Stanford Study Says We’re All Getting Dumber
Anyone who’s ever spent any time watching the evening news has probably thought it: The world and everyone in it seems to be growing progressively dumber. And after a hearty Thanksgiving dinner and subsequent TV-watching coma yesterday, you might feel like you’ve lost a few IQ points yourself.
Well, guess what? At least one person agrees with you (about everyone else, of course!). His name is Dr. Gerald Crabtree, and he is a researcher at Stanford University who is studying the effects of mutation on the genes that are thought to determine intelligence.
Dr. Crabtree’s paper was published in Trends in Genetics, and asserts that civilization has weakened natural selection toward intelligence. In other words, as humans became more verbal and less reliant on hunting, they had less need for a genetic trait that predisposed them to avoid being eaten by mountain lions.
In addition, Crabtree posits that the genes involved with brain function and intelligence are, sadly, particularly vulnerable to mutation. His calculations demonstrate that most people have at least two genetic mutations that make them less emotionally stable and less intelligent.
Now, researchers figure that there are somewhere between 2,000 and 5,000 genes that play a role in human brain function, so there’s no cause for huge alarm. But still – it appears that our default state of intelligence will decline over time.
Crabtree concludes that – in spite of the genetic dumbing down of humankind – there’s no reason to resign ourselves to becoming a species full of cavemen.

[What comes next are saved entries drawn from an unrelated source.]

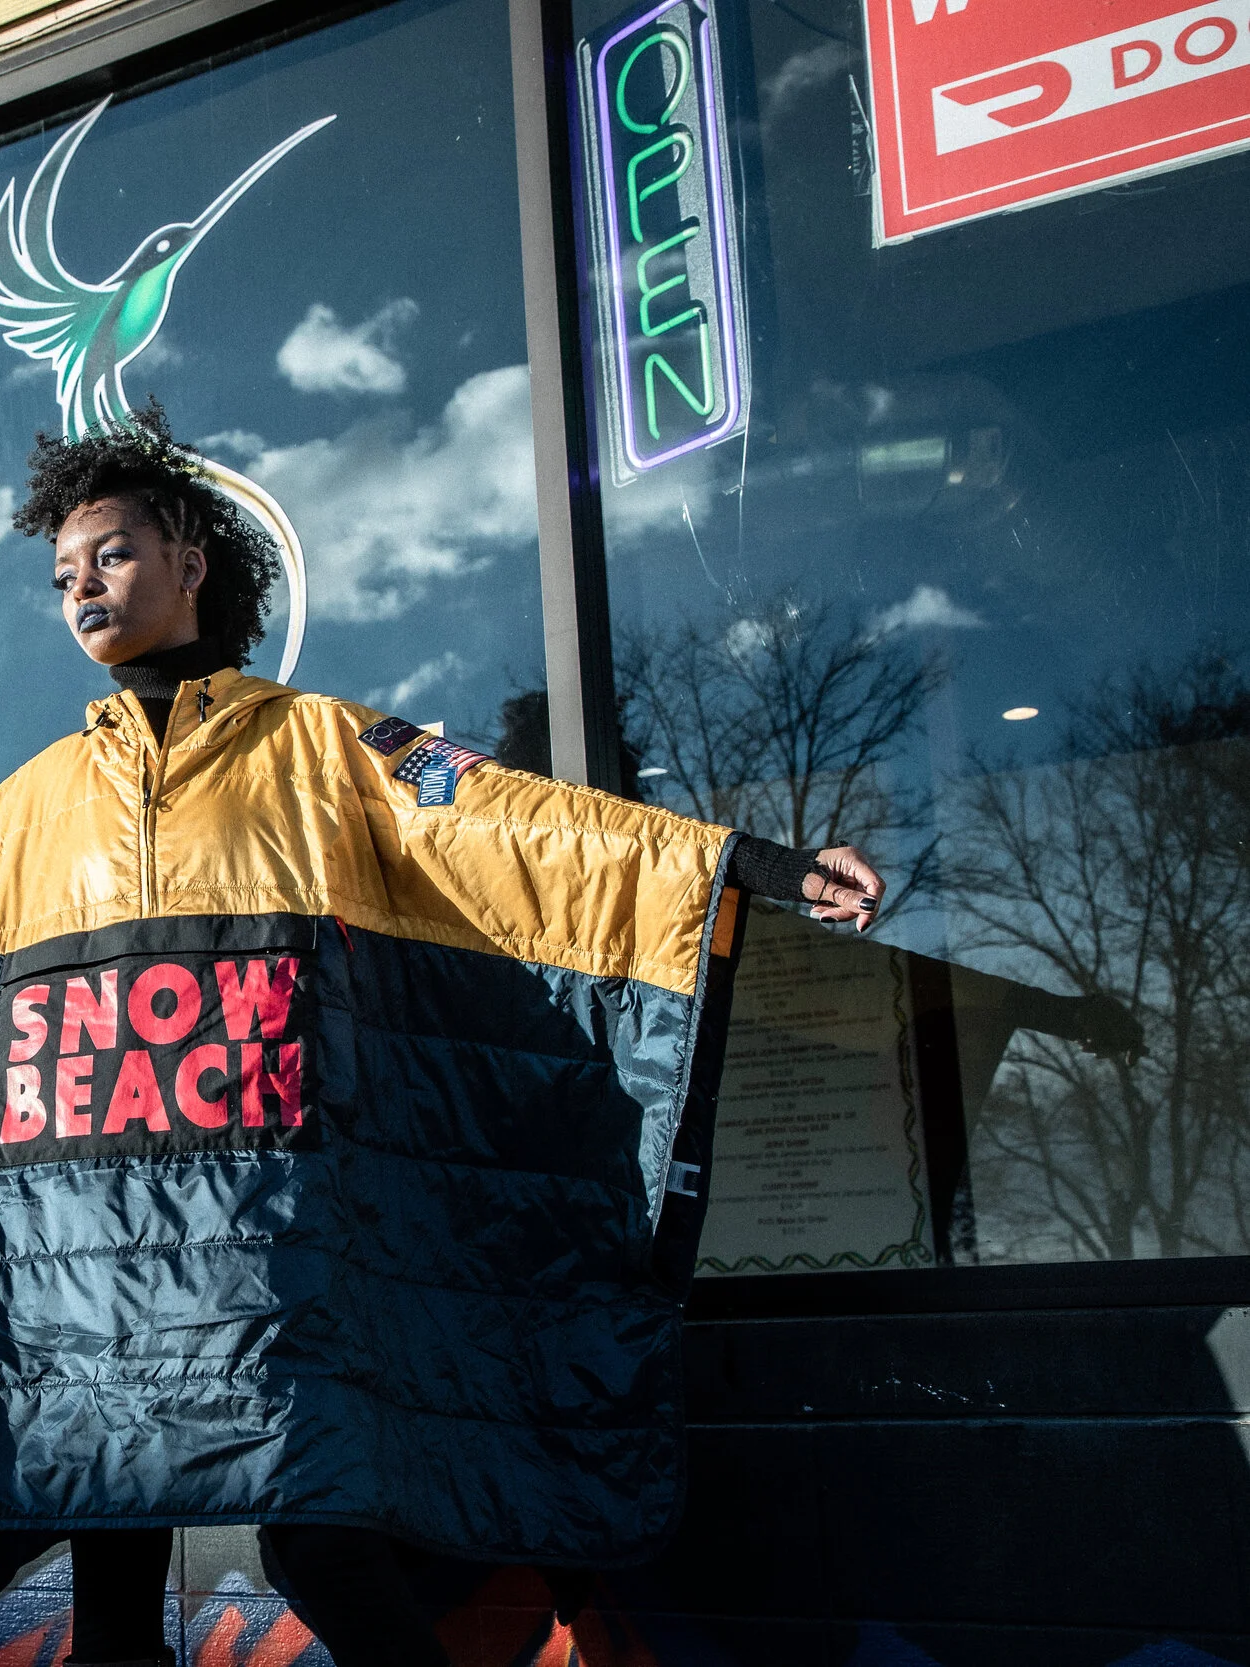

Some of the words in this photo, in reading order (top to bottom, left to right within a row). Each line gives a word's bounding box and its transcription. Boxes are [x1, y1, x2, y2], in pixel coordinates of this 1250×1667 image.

[1111, 16, 1250, 90] DO
[617, 31, 714, 440] OPEN
[362, 718, 409, 746] POLO
[420, 769, 449, 804] SNOW
[9, 957, 300, 1063] SNOW
[0, 1042, 303, 1145] BEACH
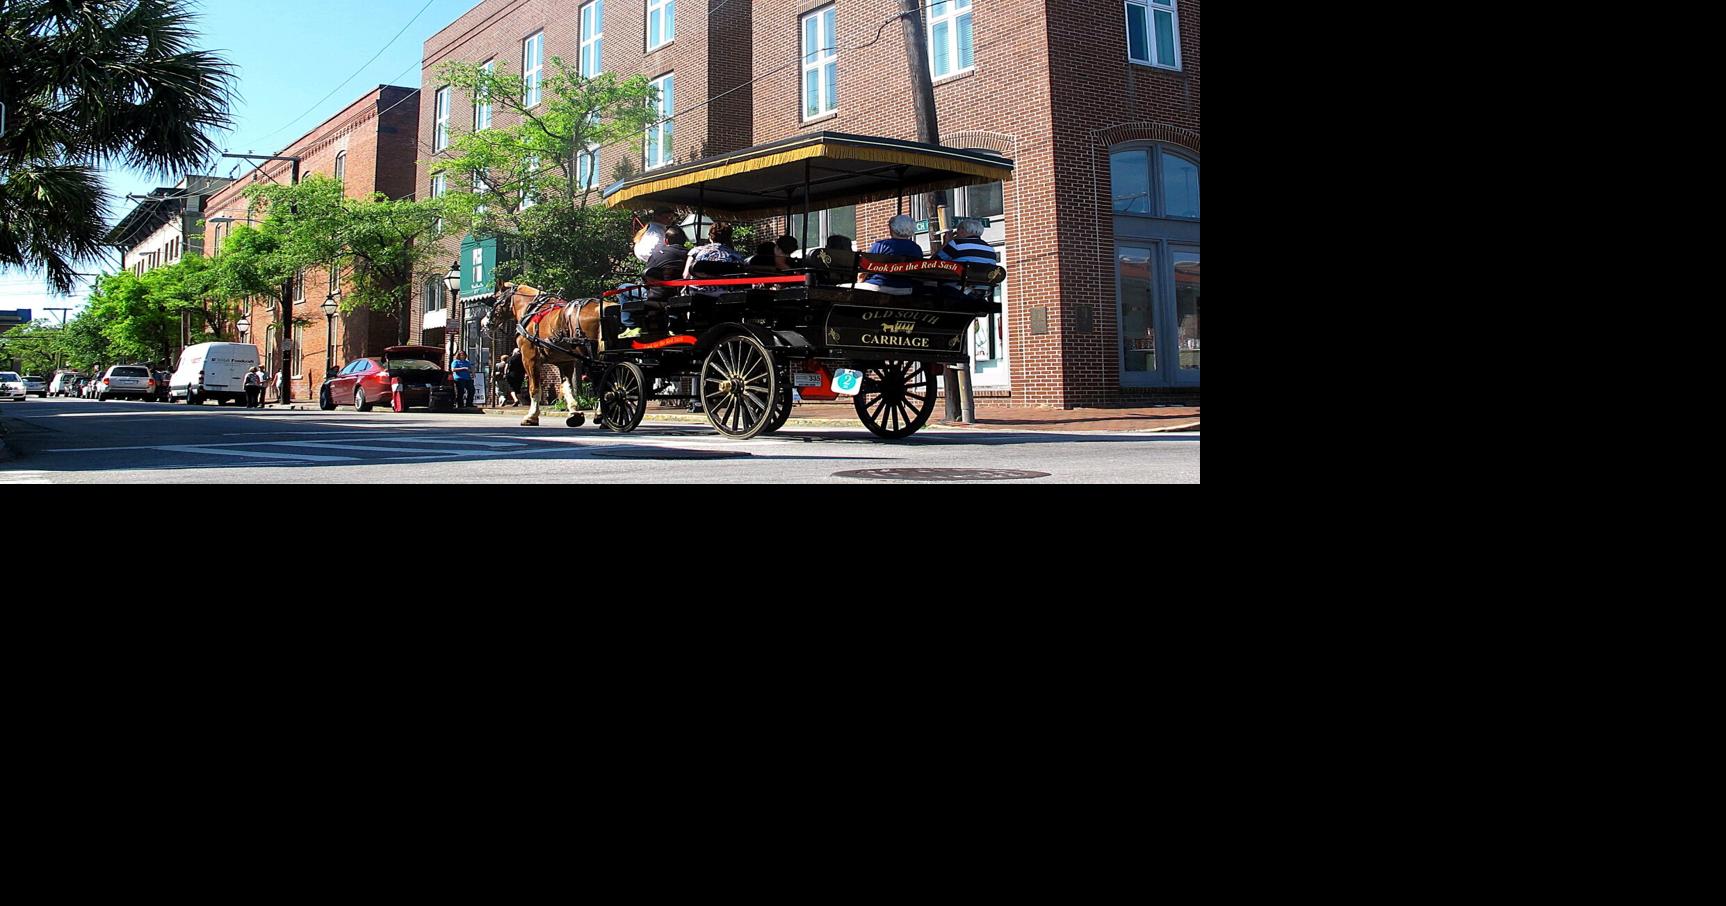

He predicts that emerging and future technology will help us fine-tune our genetic pool. Which would be reassuring if it didn’t sound a tad bit icky. We’ve all seen what happens to cloned sheep and genetically modified chicken.
Plus, it stands to reason that Dr. Crabtree’s own genetic makeup could fall prey to the mutations and stupefication of the human species. So what does that say about the report? All these things remain to be seen.
At any rate, one sure-fire way for mankind to avoid a reversion to single syllables is an education. Service members have an advantage over most other people in that military education benefits can take a lot if not all of the financial pressure off of pursuing higher education. If there’s anyone I’d trust to reverse the dumbing-down trend in the human species, it would be our brothers and sisters in uniform.